_Work required_
Your copy of the data should match it exactly, leaving out only the pictures.

_Input data_
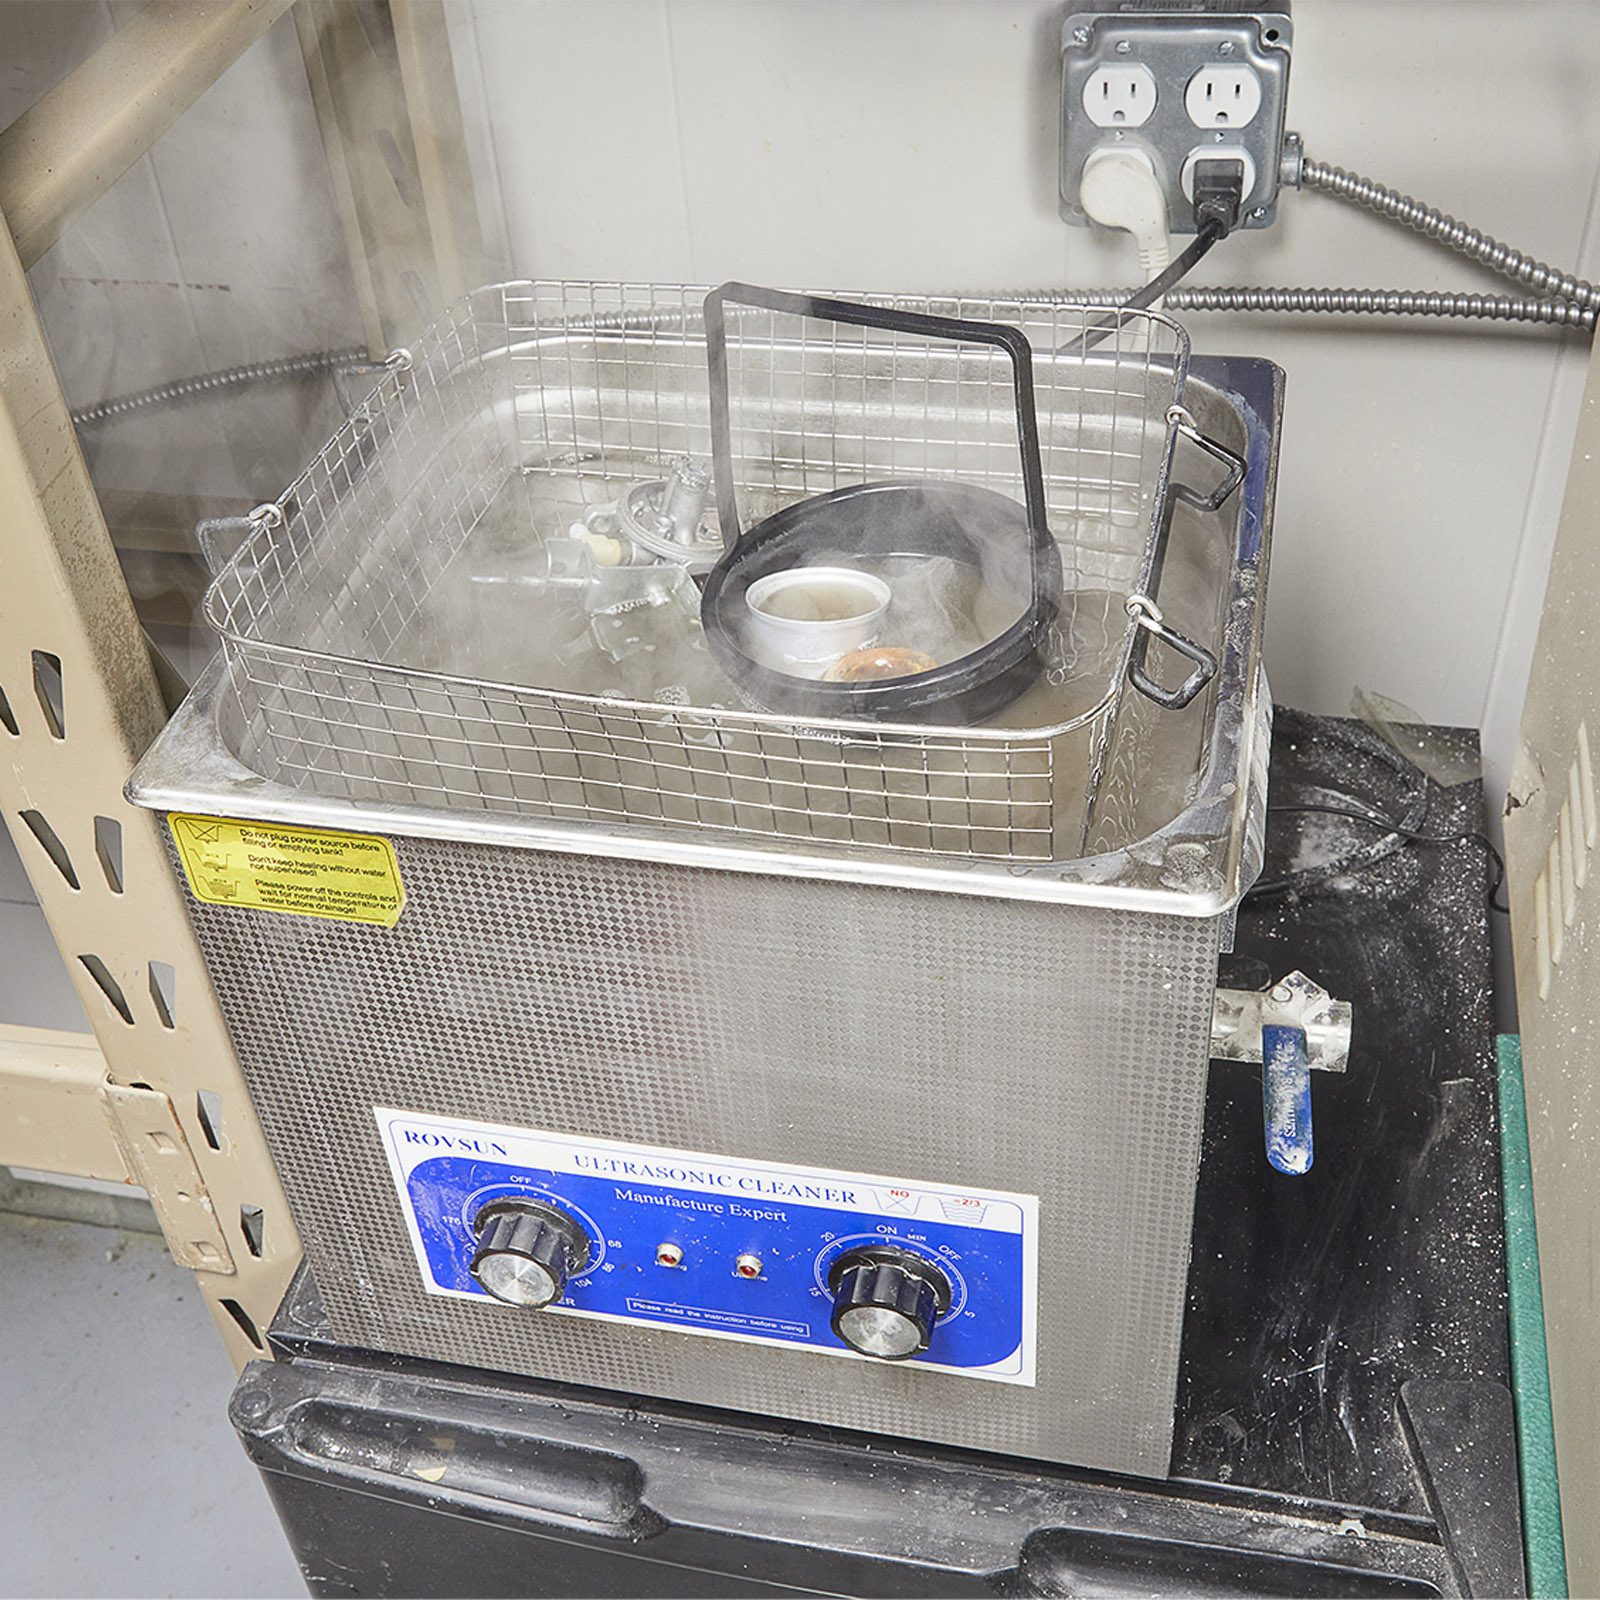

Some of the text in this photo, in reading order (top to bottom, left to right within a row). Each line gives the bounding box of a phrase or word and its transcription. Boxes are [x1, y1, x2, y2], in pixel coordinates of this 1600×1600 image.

[239, 828, 380, 852] Do not plug power source before
[278, 844, 320, 855] emptying
[248, 854, 272, 864] Don't
[272, 857, 295, 868] keep
[328, 864, 362, 876] without
[362, 869, 386, 878] water
[254, 878, 286, 890] Please
[286, 884, 313, 893] power
[326, 888, 342, 896] the
[343, 890, 378, 900] controls
[379, 895, 397, 903] and
[258, 888, 278, 897] wait
[278, 890, 292, 898] for
[293, 892, 326, 902] normal
[328, 896, 387, 910] temperature
[260, 897, 284, 905] water
[285, 898, 314, 908] before
[403, 1130, 507, 1156] ROVSUN
[510, 1174, 532, 1184] OFF
[574, 1154, 857, 1205] ULTRASONIC CLEANER
[890, 1188, 910, 1199] NO
[614, 1186, 788, 1222] Manufacture Expert
[876, 1224, 898, 1235] ON
[820, 1231, 835, 1243] 20
[907, 1233, 927, 1242] MIN
[938, 1244, 962, 1262] OFF
[574, 1278, 593, 1288] 104
[808, 1286, 822, 1298] 15
[632, 1302, 662, 1312] Please
[665, 1306, 684, 1316] read
[704, 1312, 747, 1324] instruction
[750, 1320, 778, 1329] before
[780, 1324, 804, 1334] using
[964, 1310, 976, 1320] 5

_Completed task_
Some of the text in this photo, in reading order (top to bottom, left to right within a row). Each line gives the bounding box of a phrase or word and its transcription. Boxes are [x1, y1, x2, y2], in pixel coordinates of this 1600×1600 image.

[239, 828, 380, 852] Do not plug power source before
[278, 844, 320, 855] emptying
[248, 854, 272, 864] Don't
[272, 857, 295, 868] keep
[328, 864, 362, 876] without
[362, 869, 386, 878] water
[254, 878, 286, 890] Please
[286, 884, 313, 893] power
[326, 888, 342, 896] the
[343, 890, 378, 900] controls
[379, 895, 397, 903] and
[258, 888, 278, 897] wait
[278, 890, 292, 898] for
[293, 892, 326, 902] normal
[328, 896, 387, 910] temperature
[260, 897, 284, 905] water
[285, 898, 314, 908] before
[403, 1130, 507, 1156] ROVSUN
[510, 1174, 532, 1184] OFF
[574, 1154, 857, 1205] ULTRASONIC CLEANER
[890, 1188, 910, 1199] NO
[614, 1186, 788, 1222] Manufacture Expert
[876, 1224, 898, 1235] ON
[820, 1231, 835, 1243] 20
[907, 1233, 927, 1242] MIN
[938, 1244, 962, 1262] OFF
[574, 1278, 593, 1288] 104
[808, 1286, 822, 1298] 15
[632, 1302, 662, 1312] Please
[665, 1306, 684, 1316] read
[704, 1312, 747, 1324] instruction
[750, 1320, 778, 1329] before
[780, 1324, 804, 1334] using
[964, 1310, 976, 1320] 5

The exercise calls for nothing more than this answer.